The roster of the 1987-88 National Championship-winning Notre Dame Hounds Junior ‘A’ featured men that would go on to play over 3,000 games combined in the National Hockey League.
That being said, it was a player that contributed none of them who is most remembered for bringing the locker room together.
That man is Stephane Gauvin, who went on to play four years at Cornell University, and is presently the principal of Central Collegiate, a high school in Moose Jaw, SK.
The left-winger’s role as the ‘glue guy’ on the team 30 years ago is one that is well recognized by those who knew that team, but unsurprisingly he is quick to deflect that praise.
“We had some really good leadership from a number of people,” he says.
“Some were quieter, some more vocal, and some demonstrated their leadership skills by giving anything it took to be successful. We looked to Rod Brind’Amour as our leader on and off the ice because of his work ethic, but there were all sorts of guys that would throw their body in front of anything for the good of the team. Everybody contributed in some way, and that was the beauty of it. We also had tons of talent, so that was fun to be a part of as well, but off the ice it was really a full team effort. I never experienced something like it before or since.”
The concept of the ‘glue guy’ in a dressing room is centred on the idea of someone who knows the pulse of the club, and acts in an unselfish way to keep the team heading together in the right direction.
For the modern Hounds, like in Gauvin’s time, there is a cadre of strong voices in the room; but two veterans: goaltender Jacob Standen, and long-time Western Hockey Leaguer Jack Flaman, have particularly taken vocal, ‘glue guy’ roles.
“I think that guy is someone who is not afraid to say something,” says Flaman.
“When things are tough as a team, he’s the first to try to be a part of the solution. When things are going well, he is the first to smile. I think the glue guy has to be around all the time, he has to be at the rink every day with a positive attitude, pushing everyone to be a little bit better every day.”
A key part of knowing that team pulse is always going to be based on understanding the different types of adversity that come along over the course of a season.
To Gauvin, the Notre Dame way – that of embracing struggle as a means to grow and emerge through difficulty – puts Hounds teams in a unique situation to be successful in that regard.
“I think we got that from Pere Murray,” he says.
“Being at Notre Dame is tough, so you’re going to have a lot of resiliency if you make it here; your ability to bounce back from all those setbacks will make all the difference. I remember we were down three games to one to Calgary to determine whether we would go to the Centennial Cup, and Tarry McGary, a long-time poet/philosopher of Notre Dame college at the time, hung up a poster in a room that said ‘there was a vision in his mind undimmed through all adversity’, and for whatever reason that kind of sparked all of us. It would have been easy to throw in the towel, but instead we decided we were going to bounce back for this game and take it one game at a time, and eventually we just did. But the ability to get through adversity was what Notre Dame is all about.”
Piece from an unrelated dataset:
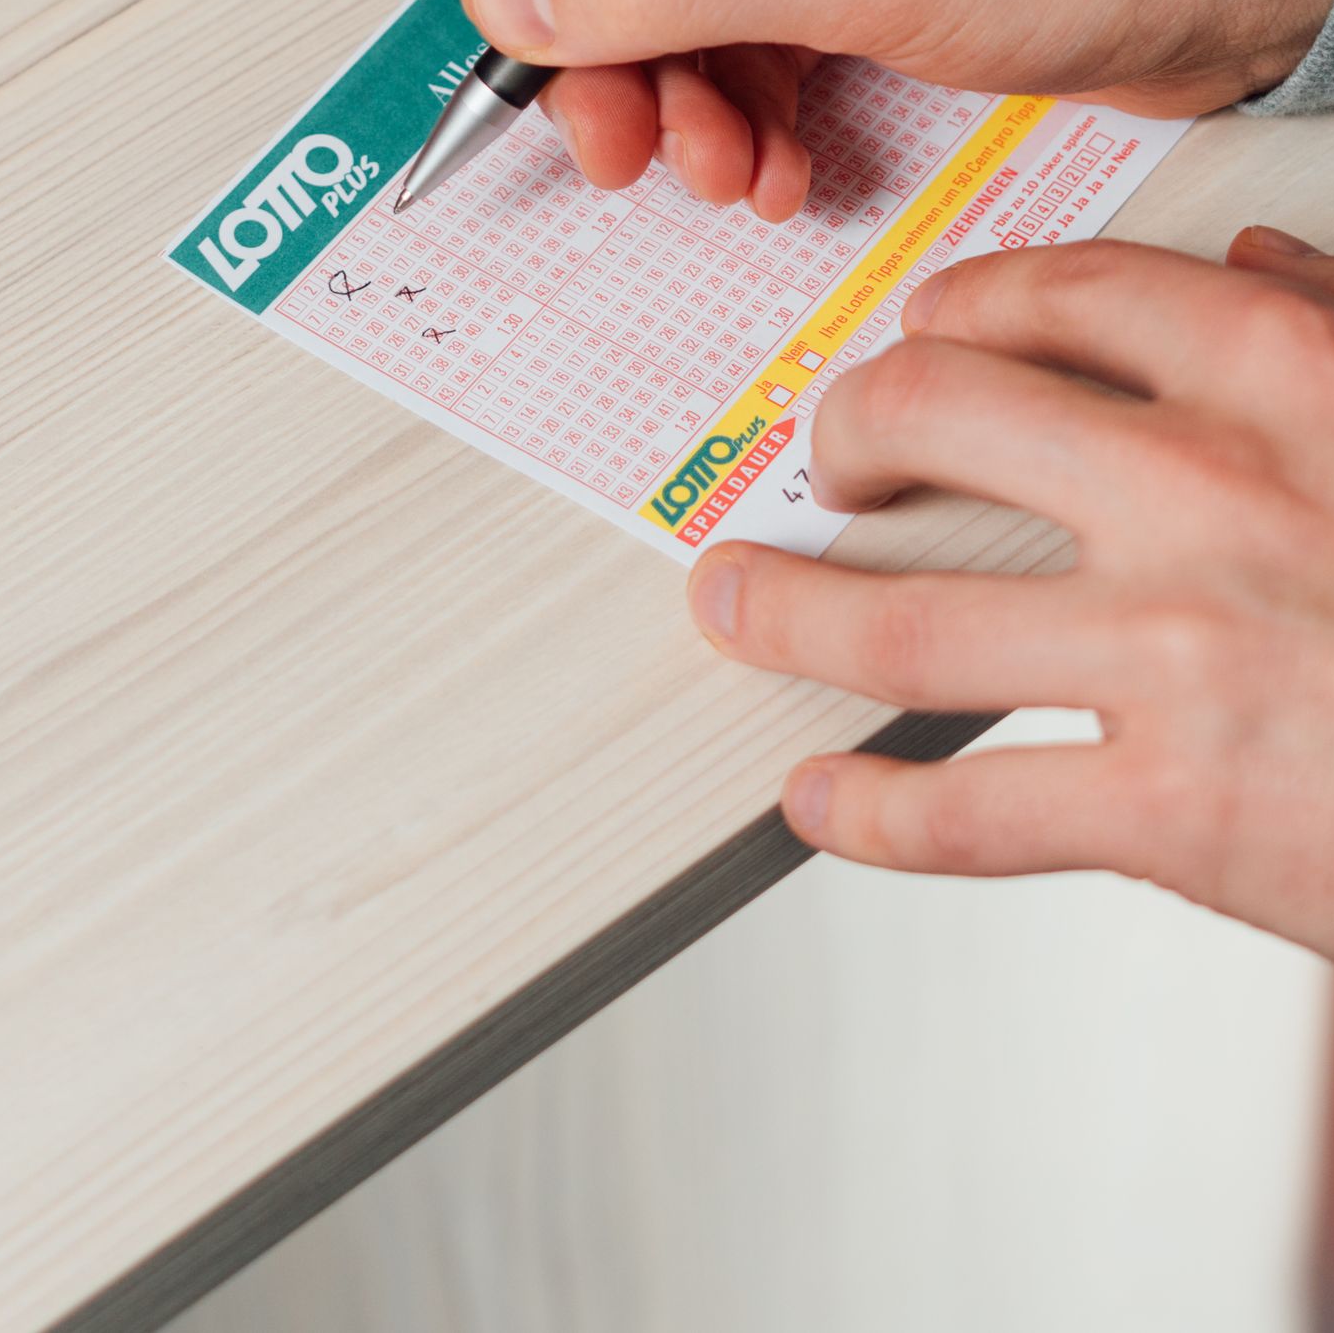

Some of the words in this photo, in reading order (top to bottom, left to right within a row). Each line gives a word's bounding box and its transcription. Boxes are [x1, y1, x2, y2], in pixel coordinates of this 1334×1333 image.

Standen and Flaman on the 2017-18 Hounds, both in their final year of junior hockey, have already come through all sorts of hockey adversity, having been moved and traded literally every season of their junior careers to date.
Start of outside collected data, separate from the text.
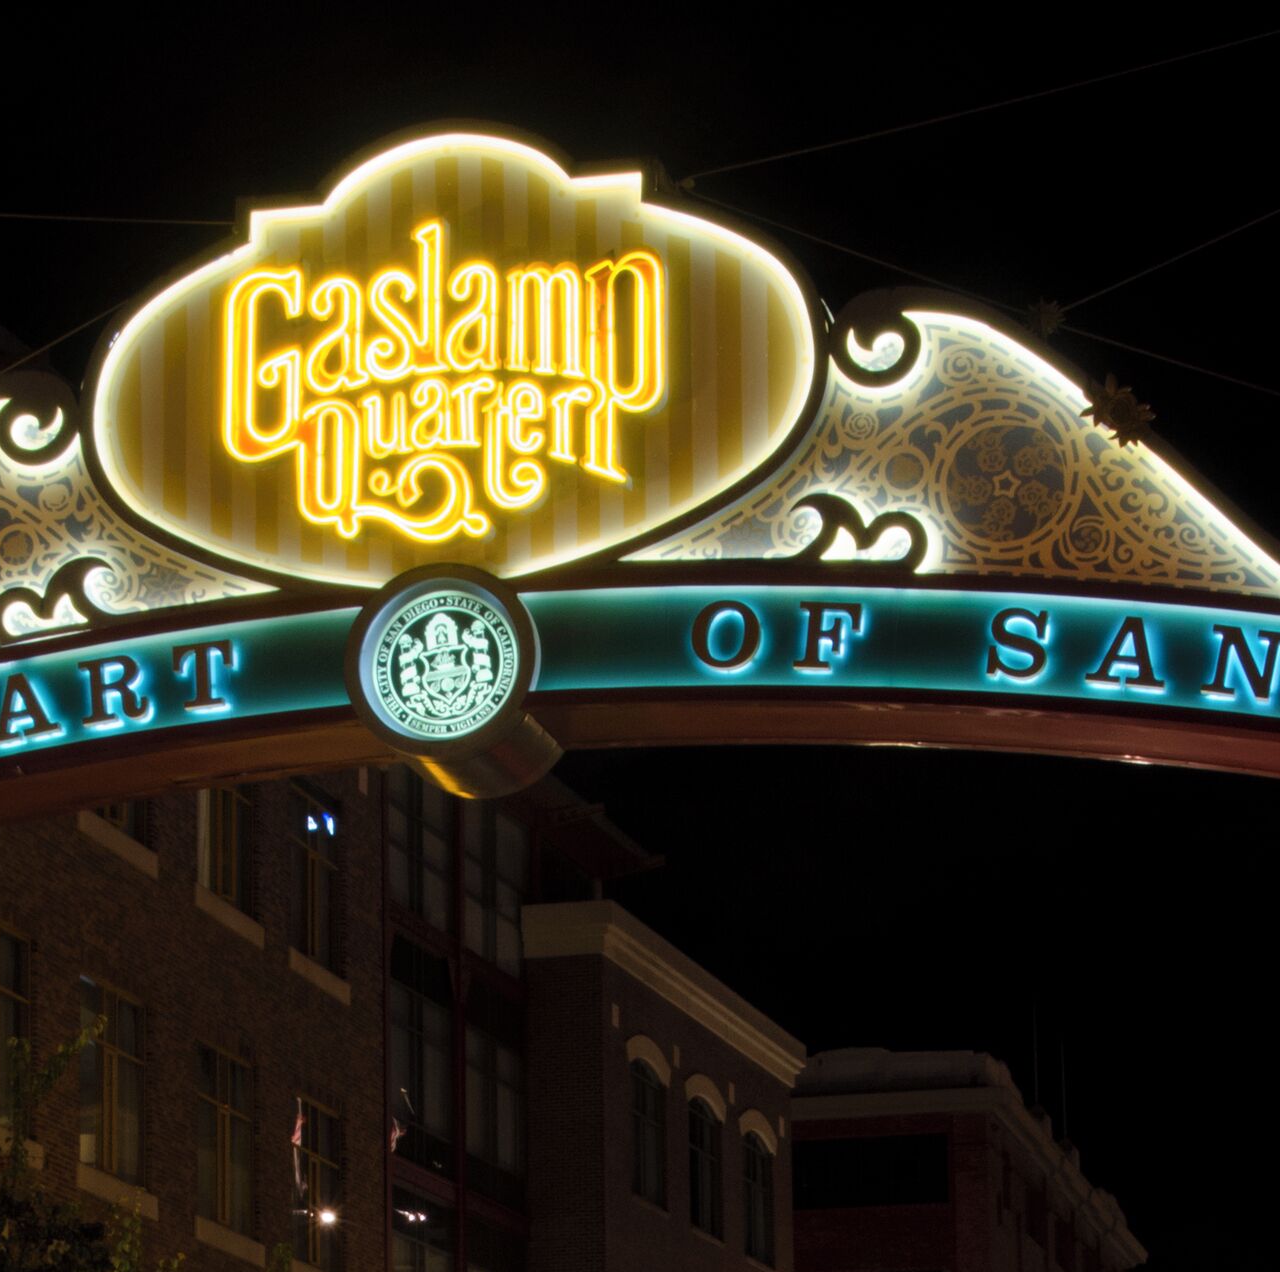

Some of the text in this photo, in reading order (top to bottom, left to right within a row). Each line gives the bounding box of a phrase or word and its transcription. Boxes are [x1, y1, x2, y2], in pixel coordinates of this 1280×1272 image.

[222, 218, 666, 482] Gaslamp
[297, 374, 598, 543] Quarter
[376, 597, 514, 719] THE CITY OF SAN DIEGO STATE OF CALIFORNIA
[690, 600, 863, 673] OF
[410, 707, 493, 733] SEMPER VIGILANS
Yet both have come to understand that the Notre Dame setup, one where the players are around each other far more constantly than other junior programs, is a perfect breeding ground for the type of team unity that can make a season special.
“When you live together in the dorms you click instantly,” says Standen.
“It takes a week or two, you get nicknames, and the whole bonding process is expedited ten-fold. You get into camp, it’s like everyone has known each other for years. It has been a bit of a challenge (being someone who came in at the start of the year), but it has been the best-case scenario for a guy like me.”
One can never predict the way a season will end on the ice, but with tremendous glue guys like Flaman and Standen walking in Gauvin’s footsteps, as well as the entire leadership group headed up by the team’s captain Chance Longjohn, it can almost be assured that the Hounds will be a team all pulling the same direction.
For Standen, who played on a dominant, winning prep school team in Ontario, the habits that turn team unity into championships are already abundant on this year’s club.
“I’d say that consistent sacrifice, and putting the team first, is the biggest difference between successful teams and unsuccessful ones,” he says.
“It sounds cliché, but it is cliché for a reason: guys need to be willing to do anything for each other. Guys that are used to scoring huge points in a year are willing to block shots, or pass up points for their teammates, and that just translates to wins. We’ve seen that type of sacrifice here really early, guys blocking three or four shots a shift, devoting every ounce of their strength just for a win. Teams that just want to win, from the top to the bottom of the line-up…that is when you get a successful club.”
Gauvin and his men figured it out, now it’s up to the modern Hounds to follow suit.